A generation ago football clubs could be place into two different categories; the haves and the have nots. Today we can categorise clubs into two very different groups, those building for a premiership and those rebuilding for future seasons.
The AFL is now a billion dollar industry and clubs are no longer rattling donation tins, cutting corners on medical bills or relying on supporter goodwill to lend financial support or heavily discounted service. Thanks to the club equalisation policy, the salary cap and the recently acquired Etihad Stadium deal, clubs are now on a relatively even playing field, at least financially.
The even playing field dramatically increases the club's need for an aggressive trade period, especially given this draft will be a midfield dominant one. Over the last week we have seen some bewildering moves from different clubs in relation to where they see themselves in regards to the premiership window.

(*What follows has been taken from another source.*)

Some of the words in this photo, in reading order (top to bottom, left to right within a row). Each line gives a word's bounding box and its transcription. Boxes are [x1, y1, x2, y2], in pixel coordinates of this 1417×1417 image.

Clubs are like sharks in today's football world, always having to move forward. Sit still for too long and you will know doubt see many clubs pass you by whilst you die a slow painful death, and more importantly, lose crucial rebuilding years.
Only one club reaches the summit every year, and once you're there it's even tougher to survive. Hawthorn and Geelong have spent their fair share of time enjoying the spoils of the summit but are finding their premiership boots rapidly losing grip. On the balance of play, Geelong had a successful 2016 after missing the finals in 2015, but when you look closer at their season they were far too inconsistent to challenge for a premiership.

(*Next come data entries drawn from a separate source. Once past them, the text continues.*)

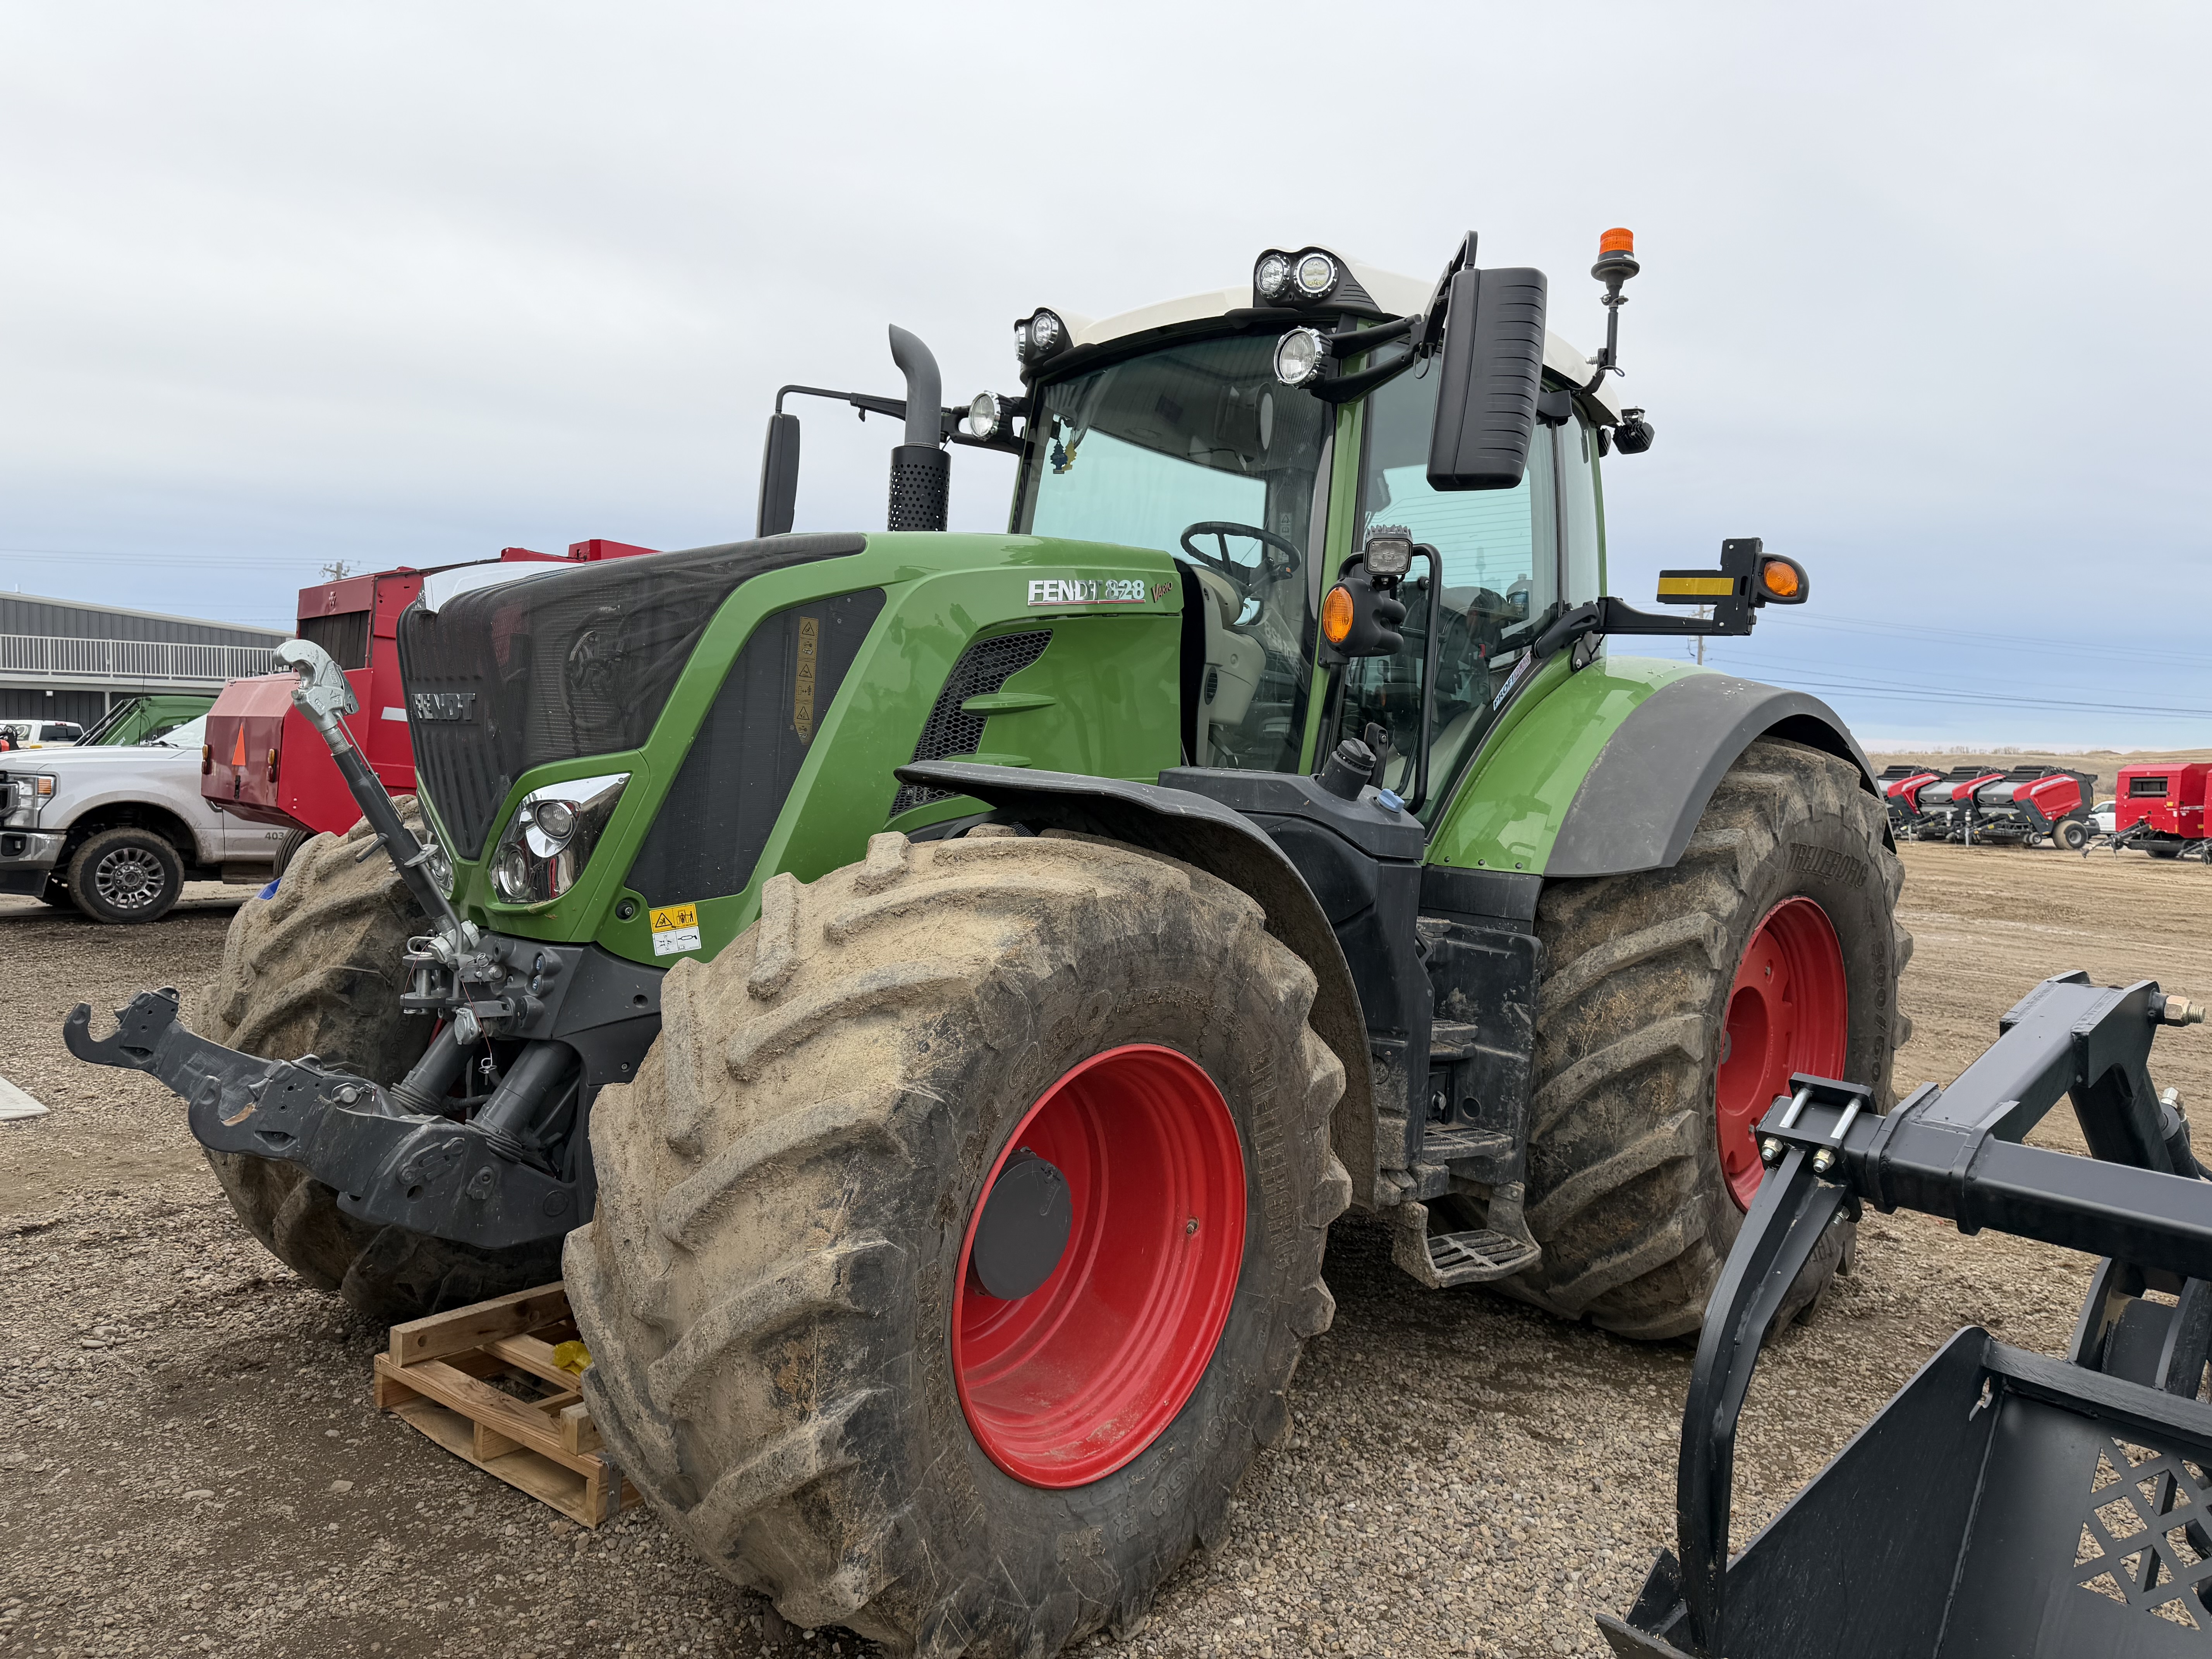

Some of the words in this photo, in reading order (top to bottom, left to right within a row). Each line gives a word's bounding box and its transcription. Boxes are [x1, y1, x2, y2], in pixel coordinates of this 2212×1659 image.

[1029, 580, 1103, 601] FENDT
[1105, 580, 1145, 600] 828
[1151, 581, 1173, 603] VARIO
[411, 693, 476, 720] FENDT
[265, 832, 284, 840] 403
[1787, 842, 1869, 889] TRELLEBORG
[1248, 1044, 1299, 1271] TRELLEBORG

The Western Bulldogs played a sublime four weeks of finals football, something this Geelong team seemed incapable of. In the process boom recruit Patrick Dangerfield was awarded the Brownlow medal but the club has now lost All-Australian and club legend Corey 'Boris' Enright and will likely lose another great in Jimmy Bartel through a forced retirement. Club legends don't walk through the door too often and to farewell two in short succession will have a dramatic effect on the culture of the club.

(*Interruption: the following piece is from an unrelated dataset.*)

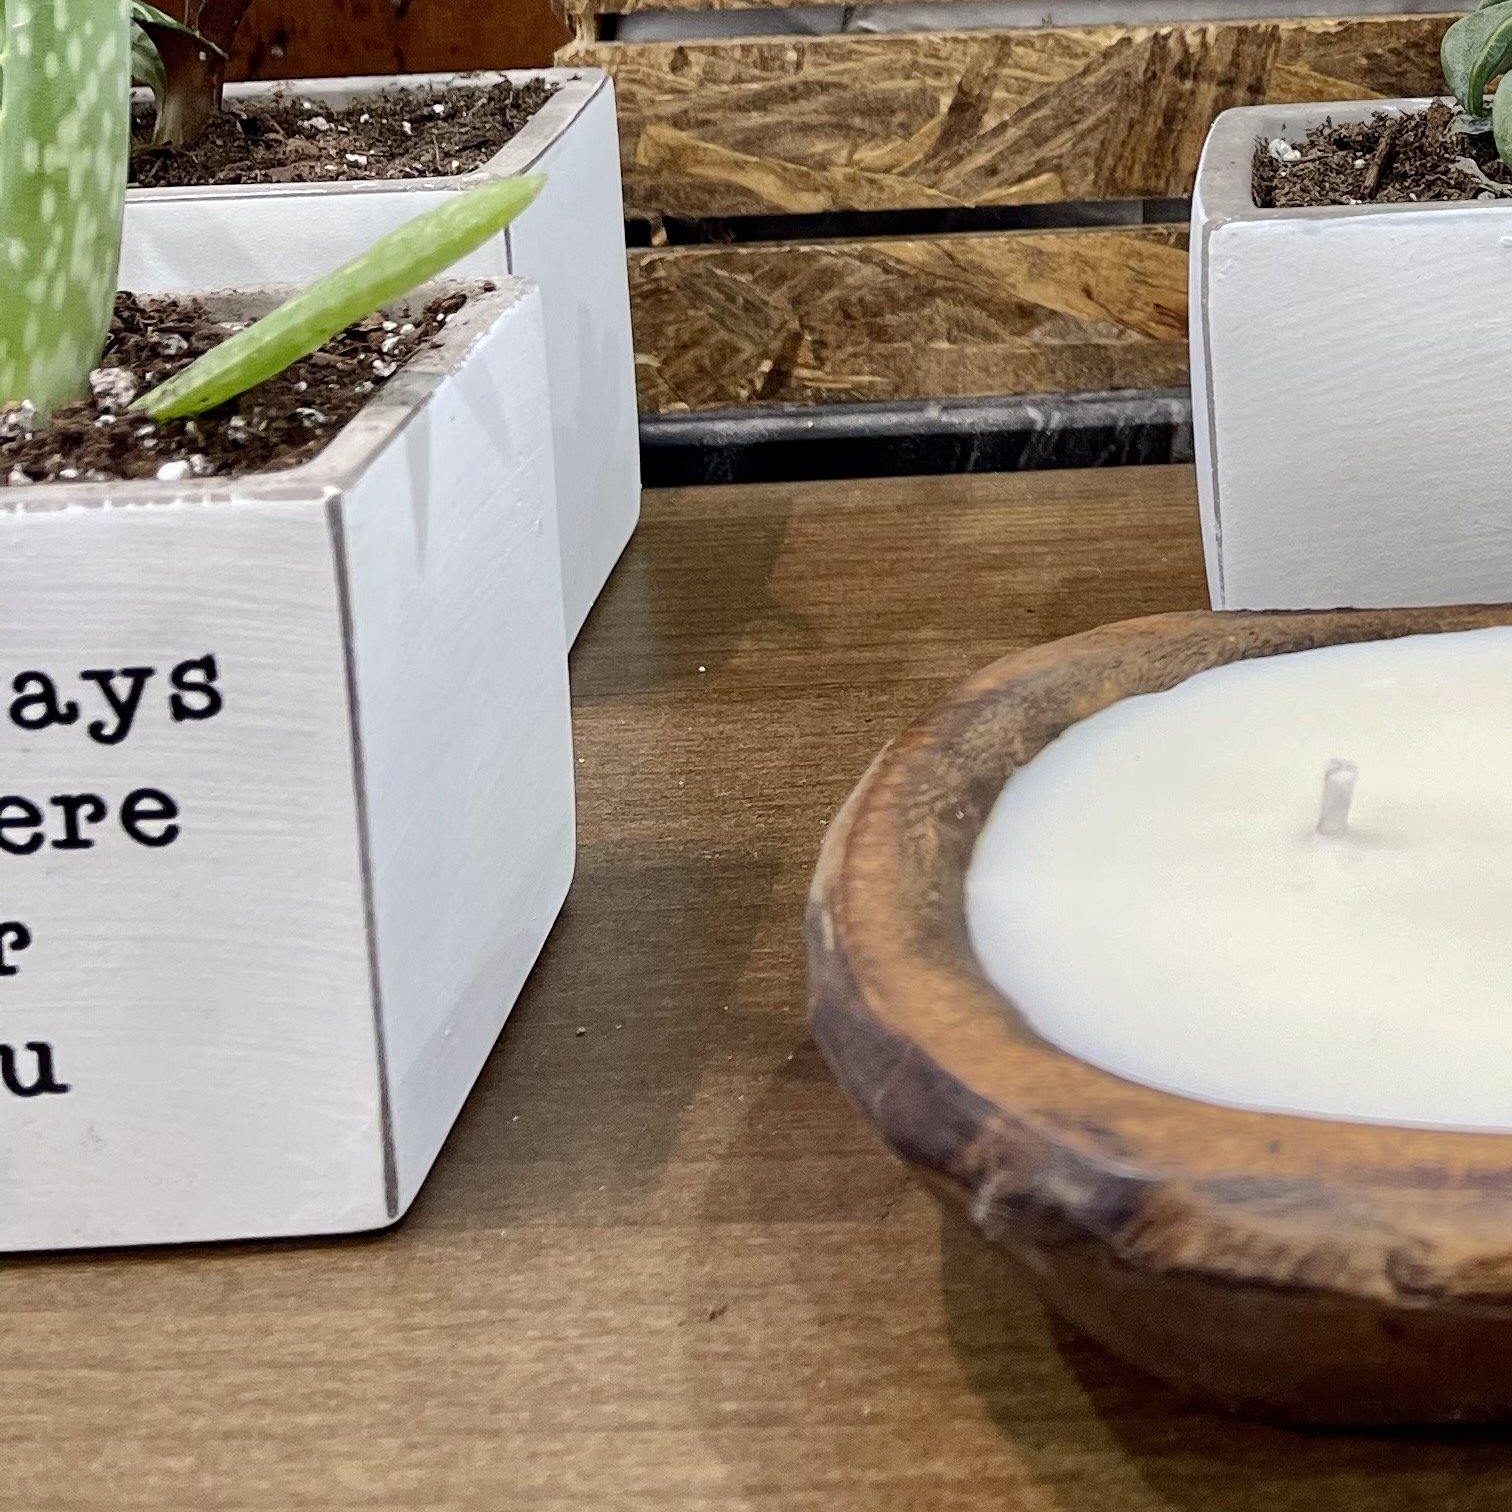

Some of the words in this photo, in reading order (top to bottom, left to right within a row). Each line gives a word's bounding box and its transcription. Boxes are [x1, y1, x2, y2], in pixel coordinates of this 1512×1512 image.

[9, 654, 223, 746] ays
[0, 787, 180, 856] ere
[0, 1041, 71, 1098] u

Hawthorn has also farewelled two club greats in an attempt to be a contender in Season 2017 and beyondblue. Most footy fans could see Enright and Bartel potentially retiring at the end of this season, but no one could predict Hawthorn trading away Sam Mitchell and Jordan Lewis for three pies, two buckets of chips and some mid strength beer. Rebuilding is an ugly but necessary word in today's football vernacular but Hawthorn have not only thrown the baby out with the bath water but have set the fabric of the club on fire at the same time. The cherry on top for the supporters of the seventeen others clubs is the signing of free agent Tyrone Vickery, and paying him above and beyond for the privilege to be at Hawthorn.
The relentless chase of Jaeger O'Meara by Alistair Clarkson is reminiscent of a Bond villain, you know he will catch up to him at some stage but will ultimately fail. O'Meara, whilst talented is largely unproven on the big stage and has been ravaged by injury at his time of the Gold Coast. Highly rated by both Hawthorn and Essendon this has produced an ugly bidding war from both clubs, one will ultimately win; but the club that misses out could be the biggest winner. You only have to look at Geelong and how they are now stuck with Steve Motlop on a hefty contract when you take the risk for unfulfilled talent.
Hawthorn and Geelong have been the masters of their own destiny in recent times with excellent recruiting and list management process but now they both appear to be treading water with their lists, hoping other clubs won't catch them in the process. With Greater Western Sydney set to be a major threat and the Bulldogs still on the rise is could be a major shock for Hawks fans who could be without September action, or at least a genuine shot at Premiership glory for the first time in years.
North Melbourne and Richmond both believed they could be competitive in 2016 and refused to rebuild, but insisted on topping up with talent. Attempting to stay near the top of the summit can prove a very tricky prospect when you consider St Kilda, Melbourne and even Gold Coast (maybe one day) are vying to take your position at the summit. There is no shame in admitting you can no longer compete for a Premiership and starting to rebuild for for another campaign at the summit but it's how you go about this campaign that can bring you undone.
North Melbourne did away with some talented veterans after wasting the 2016 season and Hawthorn appears to have set fire to what they have built over the last decade. There is no denying the AFL is a blood sport and the trade period is the most unforgiving part of the season.